Here’s our selection of great places to visit nearby and by the sea.
Our local market town, which is where you’ll handily find a doctor, dentist, bank, cash machine and a large modern supermarket, all just 5 minutes away by car.
The 10th century feudal Château dominates the region from its hilltop. The Château is open to the public 10am to 6pm (with the obligatory French 2 hour lunch break!). From the top of the ramparts you will find magnificent views over both the Dordogne and Charente valleys.
A market is held every Saturday morning where you can enjoy a dish of fresh oysters with a bottle of Picpoul de Pinet under the ancient covered market square. Situated in the square, the local restaurant La Lavalette is a firm favourite with our guests, a lovely opportunity to dine under the impressive covered market square (halles).
The earliest origins of the Chateau de Bourdeilles date back as far as the 12th century and the chateau is currently listed as a Historic Monument and a Major Site of Aquitaine, tracing eight centuries of history. It dominates the Dronne River from a rocky outcrop. Located just 10mins away from Brantome, it can be easily combined for a cracking day out.
High on a hilltop, Aubeterre is an absolute gem. Officially one of the “Les Plus Beaux Villages” (most beautiful villages) of France. The village has many artist’s studios, along with potters and glass blowers. The lively village square is the perfect place to relax and enjoy a bottle of a local wine in one of the many bars and restaurants.
The fascinating monolithic (subterranean) church of St. Jean carved out of the cliff is a must see, you can wander around when you need to cool down from the French sun! With a 20m high underground nave and necropolis containing over 100 sarcophagi.
There is a weekly market held every Sunday morning and the village has several excellent restaurants in its vibrant square.
Standing on a rock high above the river Charente, Angouleme is an ancient city and capital of the district. The vibrant old quarter of the city centre has many shops, restaurants, bars and cafes.
Angouleme is known as the “Cartoon Capital” of France and is world renowned for its annual international comic strip festival and the national museum devoted to the art of the comic strip and caricature.
Around the city there are many buildings with specially commissioned murals. You can visit the Angouleme tourist office and pick up a guided walking-tour of the best.

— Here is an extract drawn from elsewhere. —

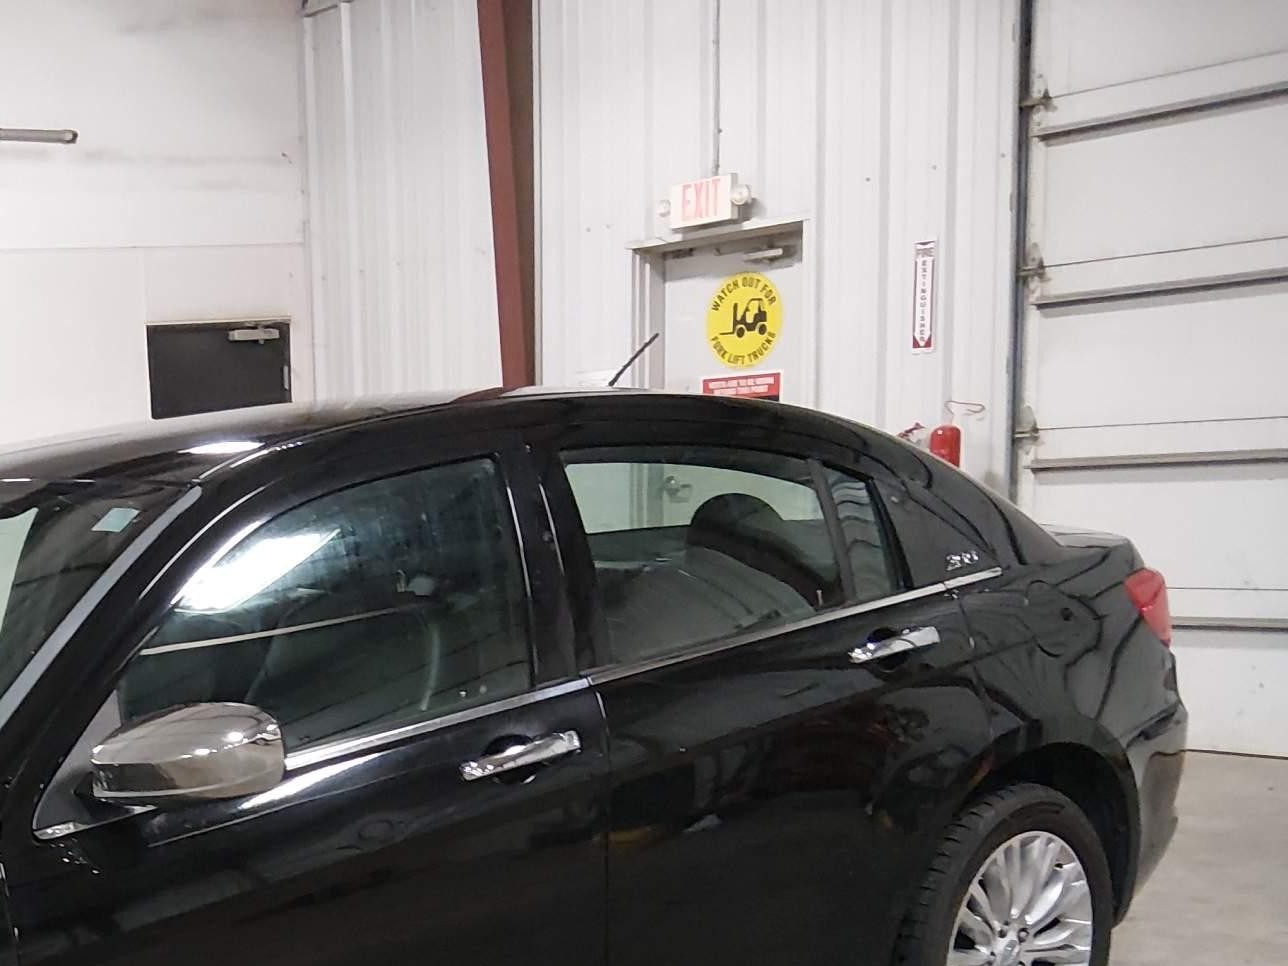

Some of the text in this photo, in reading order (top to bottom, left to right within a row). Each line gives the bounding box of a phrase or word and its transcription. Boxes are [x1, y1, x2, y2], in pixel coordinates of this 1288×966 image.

Take a visit to the Cathedral of St. Pierre, the Octagonal early 12th cathedral has a richly carved facade depicting 75 figures, making it one of the most impressive in western France.The best way to discover Angouleme is to also walk the ramparts around the old part of the town, the views over the Charente plain are simply stunning.
Every year in mid-September Angouleme hosts one of the most important events for vintage car enthusiasts in Europe. The highlights being the Circuit des Remparts, a classic car race around the city walls. The festival lasts for 3 days and also includes rallies around the region and a concours d’ elegance.
Known as “the Venice of the Perigord”, this charming medieval town is built on an island on the river Dronne. Quite rightly, a tourist honeypot in the summer months, especially on market day (Friday morning) where there is a wealth of local produce on display. It’s always good entertainment to sit at one of the many cafes or bars and watch the canoeists paddling about – especially when they are attempting to get over the weirs!
A great place to visit for adults and kids alike.
St. Emilion is a beautiful medieval town built on the slopes of a limestone plateau overlooking the Dordogne Valley. With steep hilly cobbled streets running through ancient limestone buildings. The 13th century walls and winding ramparts remain, enclosing densely rowed caves (wine merchants) that offer a taste of the valley’s finest wines.
The town and surrounding vineyards are a UNESCO world heritage site and the towns name is derived from the hermit Emilion who lived there in the 8th century. Emilion carved out a cave for himself in the limestone and a monastery followed.
The 12th Century belfry rises above a rocky spur encrusted with catacombs, a hermitage, a chapel and an underground church. An absolute Mecca for any wine fan, the home of the most ancient and famous French red wine, the birthplace of the wine making industry.
What’s a holiday without a trip to the sea! Here’s our favourite seaside treats…
Royan has over 2km of fine, pale, pampered sandy beaches (known as “conches”) backed by forests of maritime pine and oak. Grande Conche is a paradise for bathers, Conche Foncillon is a little beach near the marina and Conche de Pontaillac is at the western tip of the town and is quieter and more select.
Arcachon/Dune de pilat
The Bassin d’Arcachon is famous for its beaches and its dune, the Heart of the Bassin d’Arcachon benefits from a real diversity of landscapes. Located at the crossroads of the Leyre delta, the Landes de Gascogne forest and the Bassin d’Arcachon, its geographical location offers a wild and preserved universe. We can also highly recommend a visit to the Dune de Pilat (Europes largest sand dune) in the bay of Arcachon.
For a truly relaxed beach day French style, there are few places to rival Laccanau Ocean.
Bordering the Atlantic Ocean , Lacanau is a seaside resort where a major surfing competition , the Lacanau Pro, takes place every year.